* Exercise brief:
Without the pictures, repeat the listing character for character.

··· Available data ···

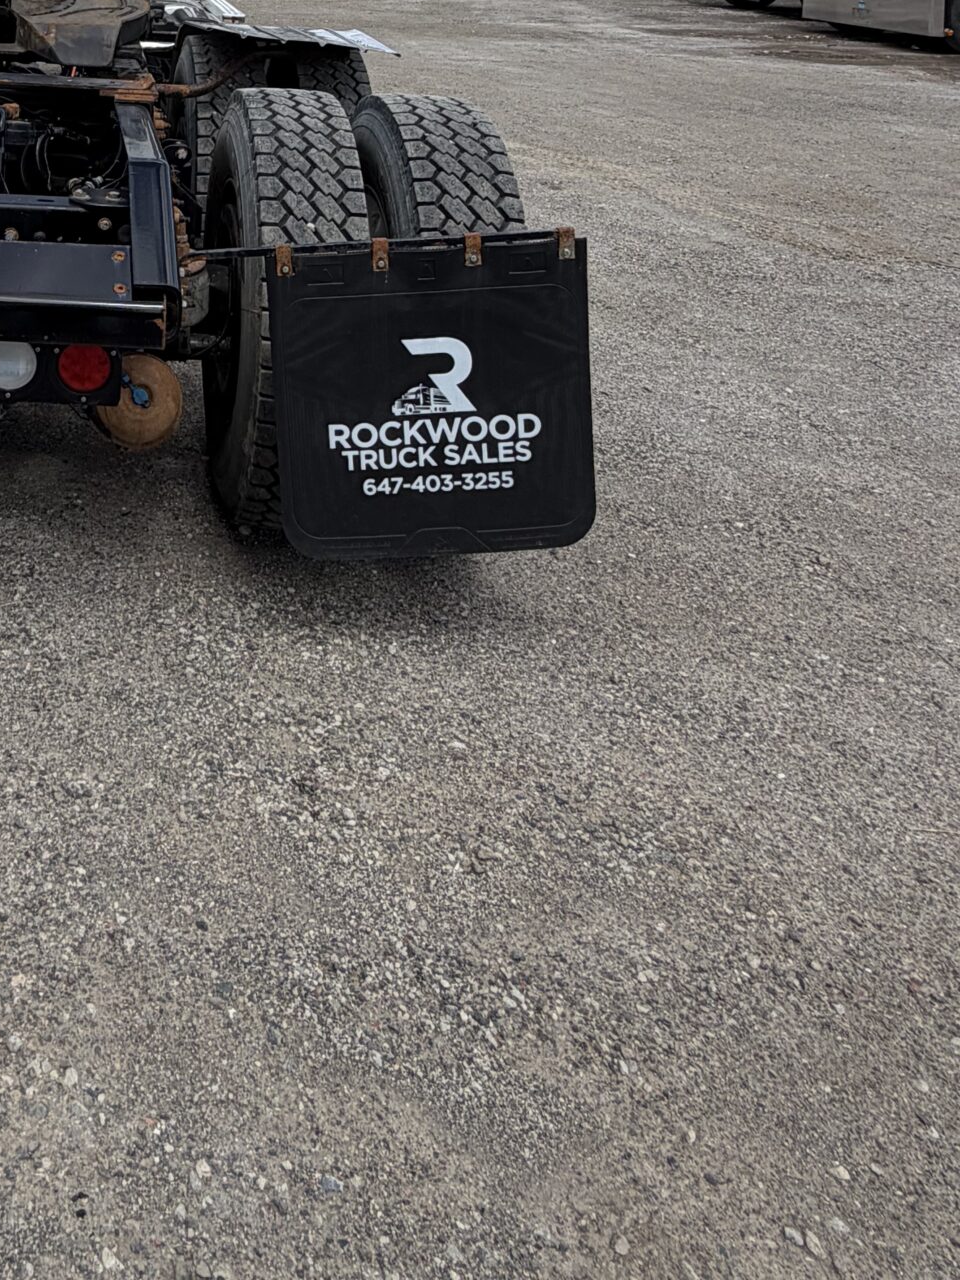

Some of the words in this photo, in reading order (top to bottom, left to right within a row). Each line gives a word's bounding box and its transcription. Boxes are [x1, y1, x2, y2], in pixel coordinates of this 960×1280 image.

[400, 336, 477, 413] R
[328, 413, 542, 450] ROCKWOOD
[341, 445, 438, 471] TRUCK
[443, 440, 532, 466] SALES
[362, 470, 515, 496] 647-403-3255

···

* Completed task:
Some of the words in this photo, in reading order (top to bottom, left to right within a row). Each line gives a word's bounding box and its transcription. Boxes are [x1, y1, x2, y2], in pixel coordinates of this 960×1280 image.

[400, 336, 477, 413] R
[328, 413, 542, 450] ROCKWOOD
[341, 445, 438, 471] TRUCK
[443, 440, 532, 466] SALES
[362, 470, 515, 496] 647-403-3255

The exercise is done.